I funghi… hanno la stoffa!

Il futuro della moda è green e passa anche per i funghi, dai quali nasce un tessuto 100% ecologico e biodegradabile

I funghi… hanno la stoffa!

Quando il principio di eco-sostenibilità si coniuga alla tecnologia e alla ricerca, si ottengono risultati incredibili in tutti i campi. I settori del tessile e del design offrono un terreno fertile per dare spazio a sperimentazioni nuove e proiettate ad un futuro prossimo sempre più green. Sia l’alta moda che il pret-à-porter non possono sottrarsi a questa nuova tendenza, e la prova ne è la creazione di tessuti altamente tecnologici ed innovativi sempre più raffinati. Dopo la stoffa di ananas, di alghe e di quella prodotta dagli scarti degli agrumi, ecco spuntare - è proprio il caso di dirlo - quella di funghi!

La produzione di capi di abbigliamento è sempre più elevata e tanto più è il consumo nel settore della moda low-cost. Questo però ha un impatto non indifferente sull’ambiente e sui costi di produzione, specie su quelli energetici (le stime dicono che nel 2030 il consumo di abbigliamento crescerà del 65% con un incremento nell’utilizzo di acqua e agenti chimici del 49% e un aumento delle emissioni di CO2 e rifiuti pari a più del 61%).

Per questo, i designer tessili ecosostenibili rappresentano il futuro di un settore in crescita e in rapido sviluppo. Tra questi merita di essere citata l'olandese Aniela Hoitink, ideatrice di un nuovo tessuto cresciuto appunto niente meno che da un fungo micelio.

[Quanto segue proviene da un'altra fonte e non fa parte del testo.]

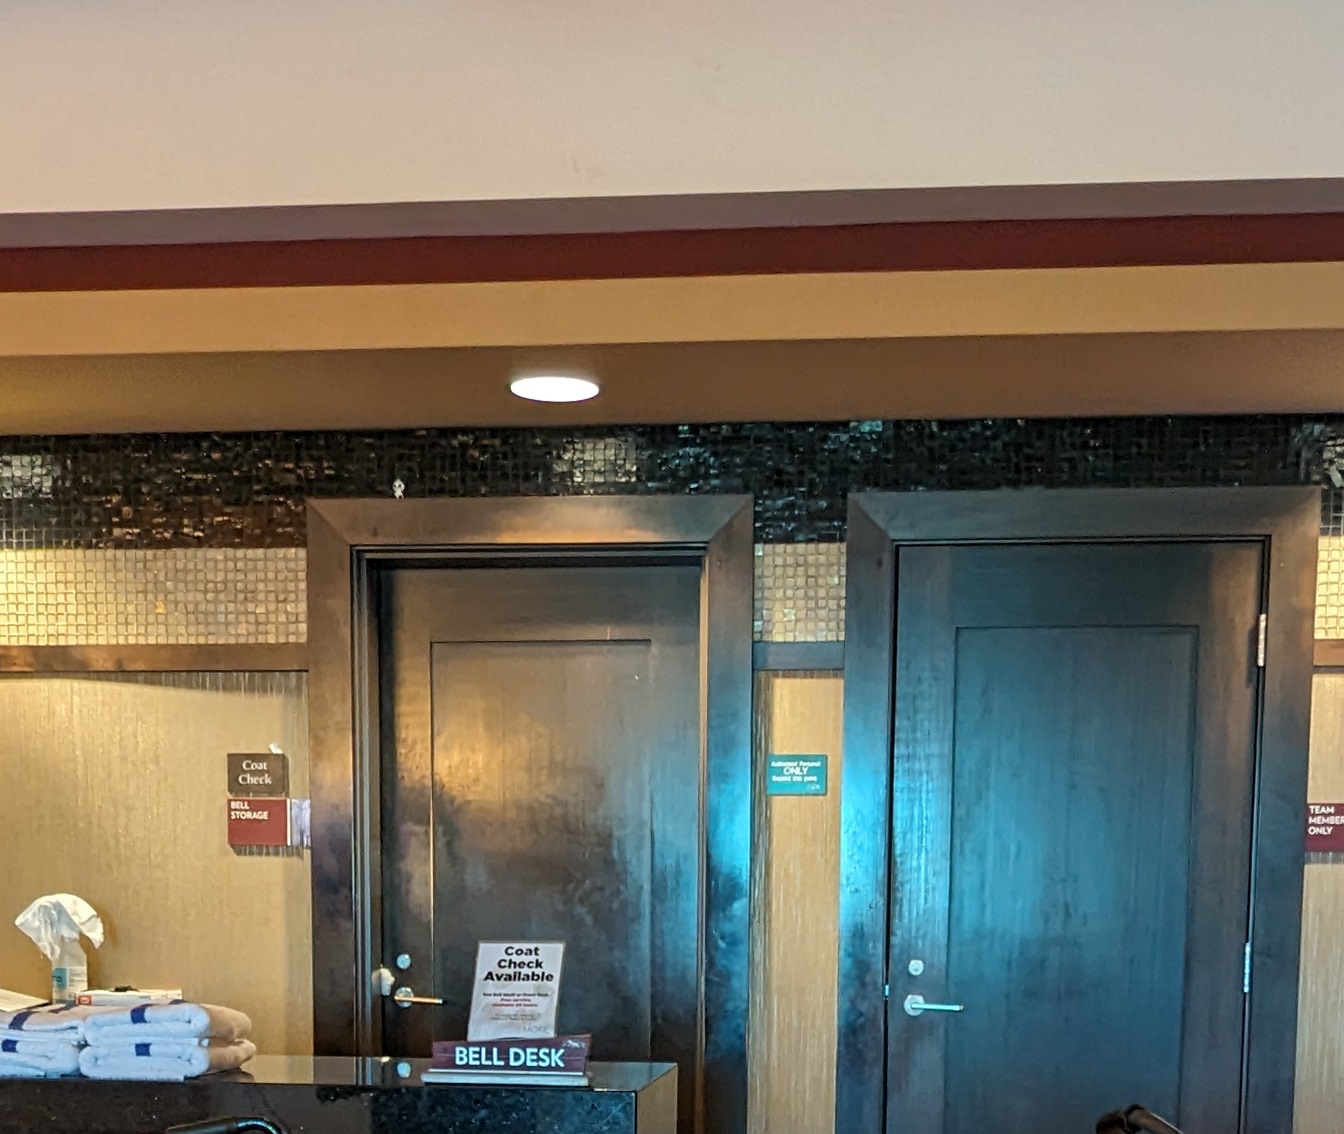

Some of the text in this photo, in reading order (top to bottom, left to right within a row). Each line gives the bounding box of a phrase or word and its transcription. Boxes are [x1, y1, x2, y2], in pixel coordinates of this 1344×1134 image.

[242, 760, 268, 771] Coat
[783, 766, 809, 775] ONLY
[238, 773, 272, 785] Check
[230, 801, 250, 810] BELL
[1308, 805, 1335, 814] TEAM
[230, 811, 269, 820] STORAGE
[1307, 826, 1334, 836] ONLY
[504, 945, 541, 957] Coat
[497, 958, 544, 970] Check
[483, 971, 555, 982] Available
[455, 1046, 565, 1068] BELL DESK

Il rivoluzionario tessuto si chiama MYCOTEX e può essere riparato, sostituito o aggiunto quando necessario (a dispetto della moda usa e getta) e, una volta che l’abito con cui è prodotto non è più utilizzabile, viene facilmente compostato e reinserito nel ciclo biologico. Il tessuto è stato mostrato attraverso la realizzazione di un abito (vd. foto) che ha lascito tutti a bocca aperta per la sua originalità. 

Lo scopo iniziale della sua ideatrice era quello di creare un tessuto da un materiale vivo, il micelio appunto. Dopo vari tentativi il risultato è stato proprio la creazione di un tessuto vivo, naturale e flessibile senza l’utilizzo di altri materiali tessili. L’idea di Aniela nasce dall’osservazione dei funghi come “corpi moribidi” (così li definisce), che crescono e si replicano più e più volte sempre uguali a se stessi. Questa capacità di crescita e riproduzione ha condotto la designer alla creazione di moduli di tessuto costituiti da micelio in grado di poter essere facilmente riparati e sostituiti senza sprechi né scarti. Questa modalità di produzione consente di ridurre i passaggi legati ai processi di filatura e tessitura. Il capo di abbigliamento realizzato con il mycotex, infatti, è direttamente modellato e “incollato” sullo stampo (una sorta di manichino) e non necessita di taglio e cucito.

Il tessuto ideato e prodotto in Olanda è quindi un tessuto completamente ecologico e adatto alla creazione di abiti 100% biodegradabili. Per la realizzazione del primo abito sono stati impiegati 350 dischi di micelio, per la cui crescita è stata necessaria una settimana e mezza. La fibra di funghi viene fatta crescere in vasetti di forma circolare e dopo due settimane circa il micelio è raccolto e i dischi messi a macerare in un liquido. Per creare i dischi di funghi la stilista ha unito tecnologia e microbiologia dando vita così ad un vero e proprio tessuto, completamente privo di sostanze tossiche. La fibra di funghi, infatti, ha proprietà interessanti: è isolante, impermeabile, antimicrobica e addirittura fa bene alla pelle: caratteristiche perfette per un tessuto. 

Il mycotex inoltre permette un importante risparmio in termini idrici, si è calcolato infatti che per produrre una t-shirt vengono utilizzati solo 12 litri di acqua a fronte di circa 2.500 litri utilizzati per la produzione in cotone; oltre ad una notevole riduzione di emissioni di CO2. La produzione di eco-fibre come il mycotex permetteranno in un futuro molto prossimo di avere un settore moda green ed ecosotenibile, capace di unire l’innovazione e la ricerca tecnologica all’estro creativo degli stilisti e dei designer e all’utilizzo delle risorse naturali già esistenti.